Let $\vec{r}_0$ be the center of a sphere and $R$ be its radius. We have
$(\vec{r}_i-\vec{r}_0)^2=R^2$
where $i=1,2,3,4$. Subtracting, say, equation for $i=1$ from others, we have
$\vec{r}_0\cdot \vec{X}_2=\vec{r}_2^2-\vec{r}_1^2\\ \vec{r}_0\cdot \vec{X}_3=\vec{r}_3^2-\vec{r}_1^2\\\vec{r}_0\cdot \vec{X}_4=\vec{r}_4^2-\vec{r}_1^2$
where $\vec{X}_j=\vec{r}_j-\vec{r}_1$, $j=2,3,4$. We assume that $\vec{X}_j$ are not all in the same plane.
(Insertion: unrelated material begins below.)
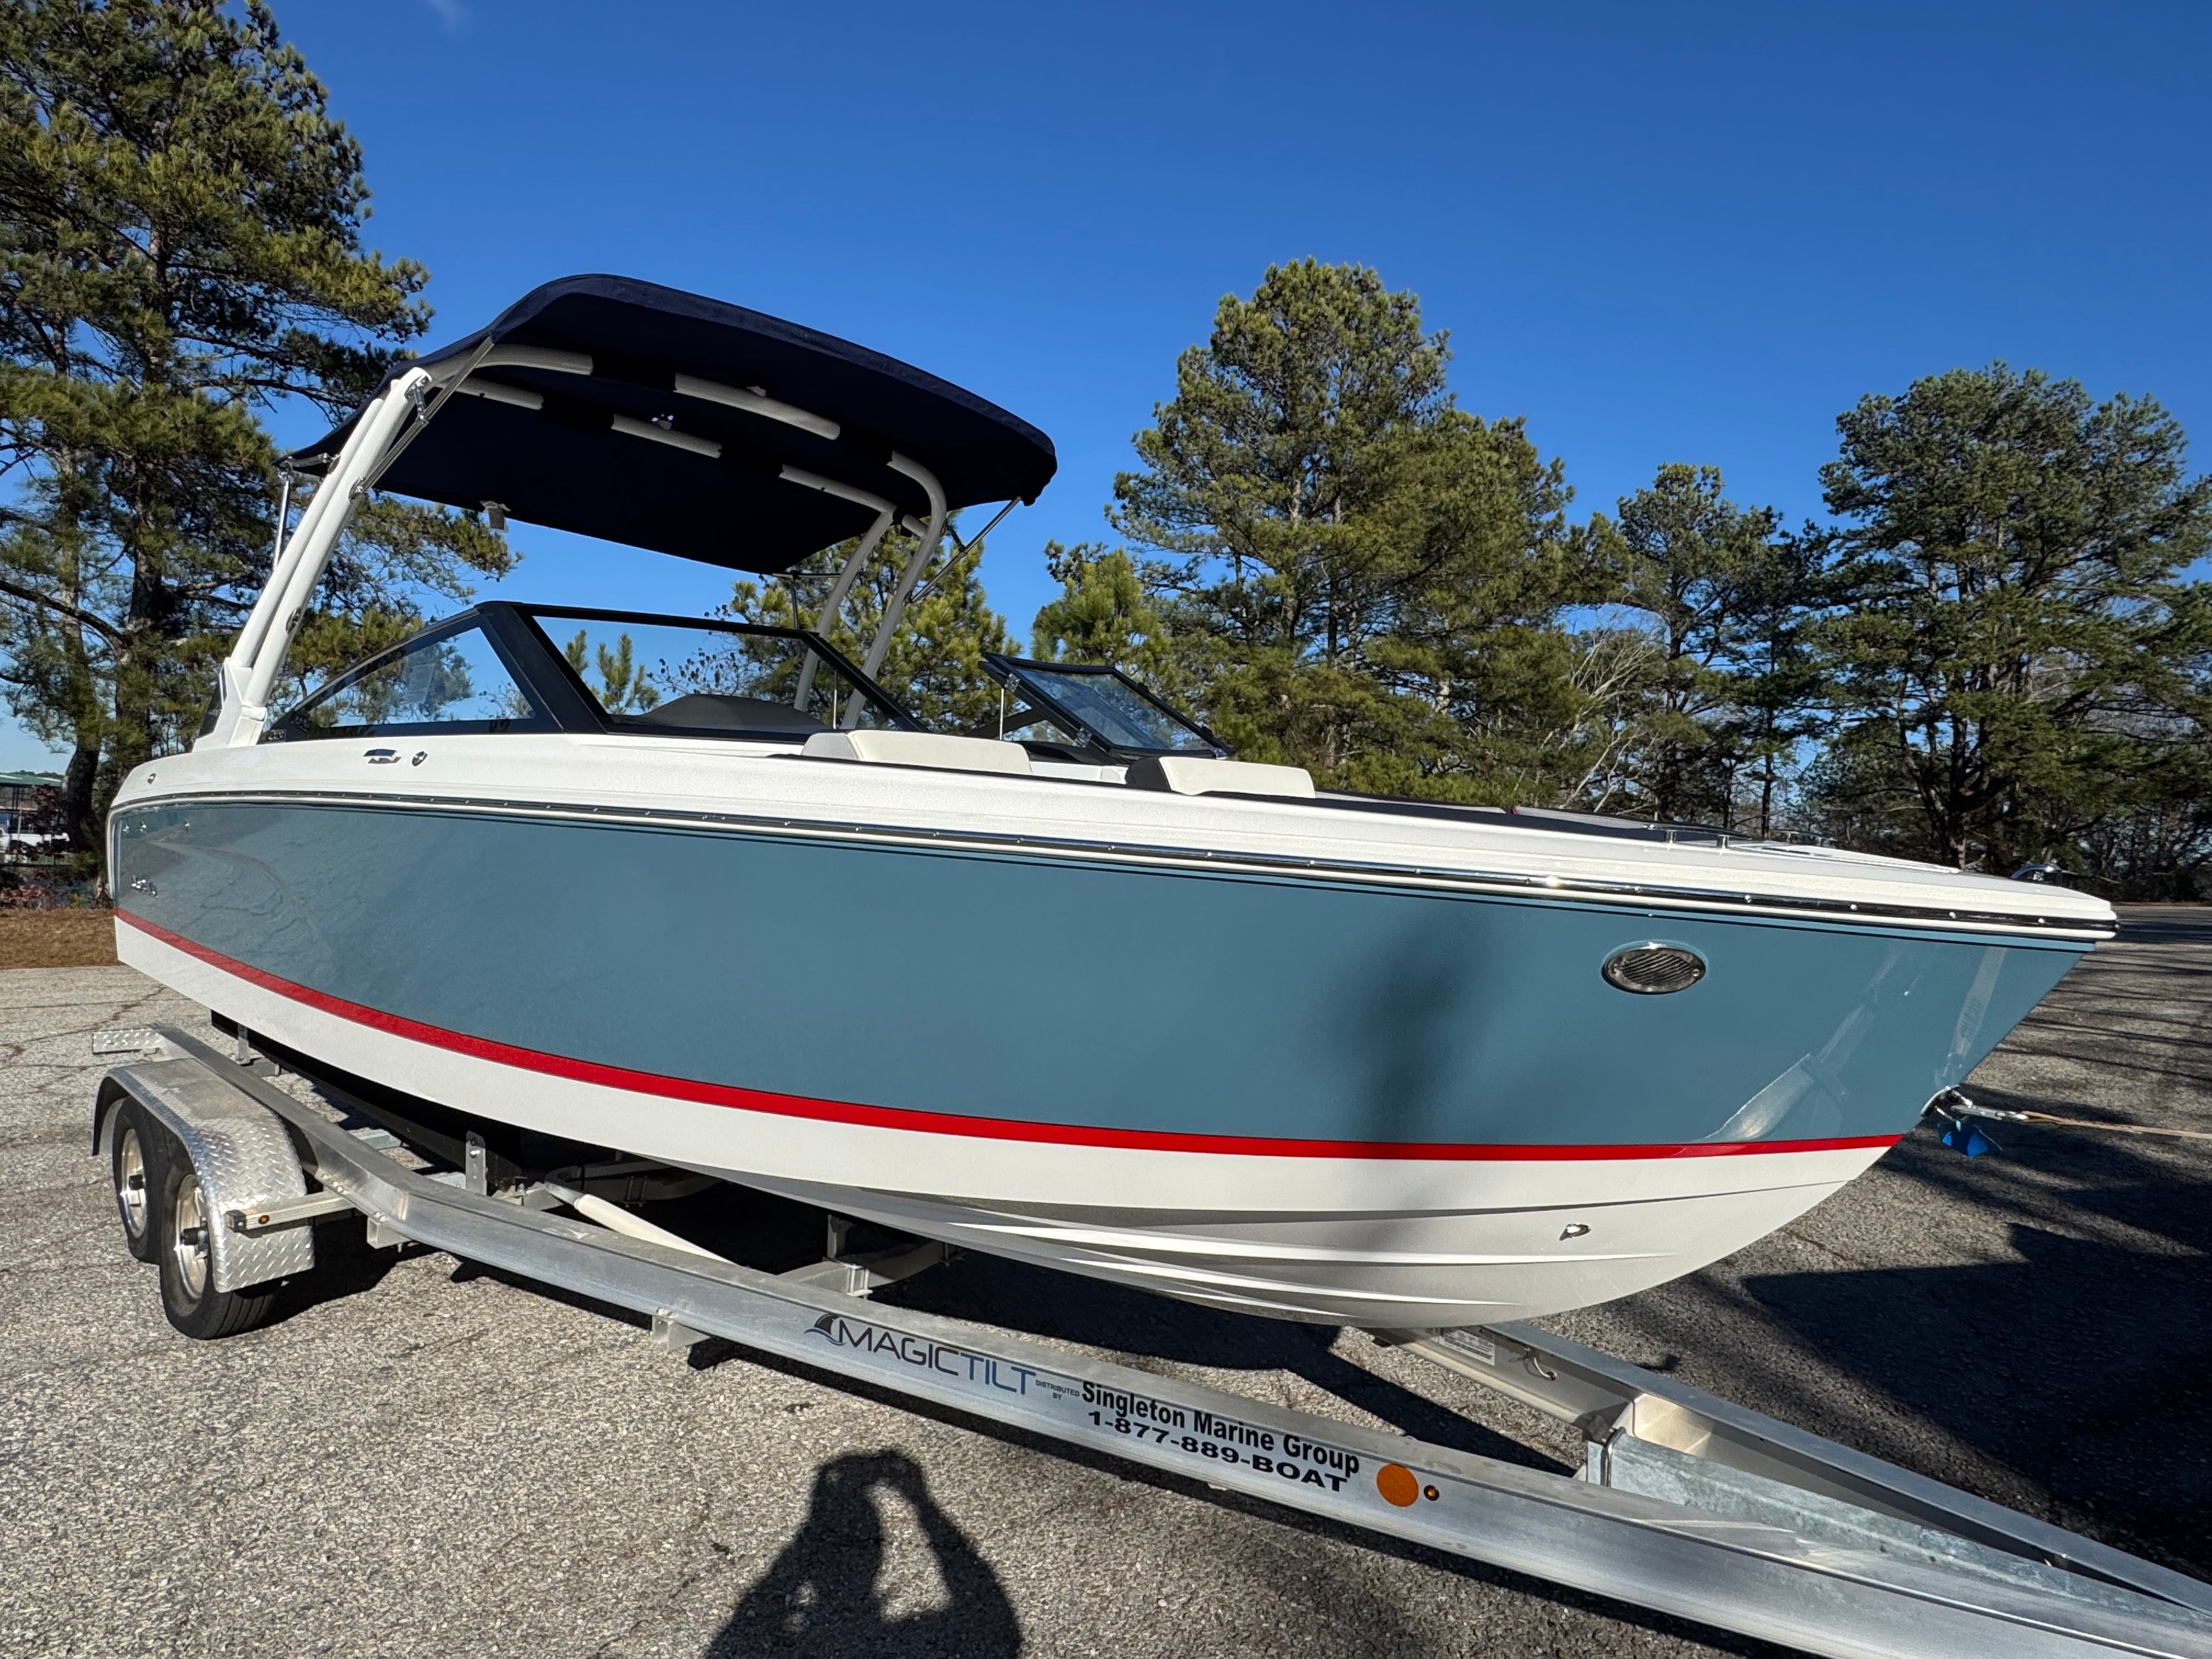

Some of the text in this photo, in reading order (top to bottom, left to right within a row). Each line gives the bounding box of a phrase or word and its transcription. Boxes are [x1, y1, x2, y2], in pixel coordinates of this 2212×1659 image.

[838, 1319, 1036, 1395] MAGICTILT
[1035, 1379, 1080, 1397] DISTRIBUTED
[1082, 1381, 1359, 1478] Singleton Marine Group
[1088, 1410, 1347, 1492] 1-877-889-BOAT
Then we can decompose $\vec{r}_0=k_2\vec{X}_2+k_3\vec{K_3}+k_4\vec{K}_4$ and substituting one has
$k_2\vec{X}_2\cdot\vec{K}_2 + k_3\vec{X_3}\cdot\vec{X}_2+ k_4\vec{X_4}\cdot\vec{X}_2=\vec{r}_2^2-\vec{r}_1^2\\ k_2\vec{X}_2\cdot\vec{K}_3 + k_3\vec{X_3}\cdot\vec{X}_3+ k_4\vec{X_4}\cdot\vec{X}_3=\vec{r}_3^2-\vec{r}_1^2\\ k_2\vec{X}_2\cdot\vec{K}_4 + k_3\vec{X_3}\cdot\vec{X}_4+ k_4\vec{X_4}\cdot\vec{X}_4=\vec{r}_4^2-\vec{r}_1^2$
These equations always have a solution (why ?).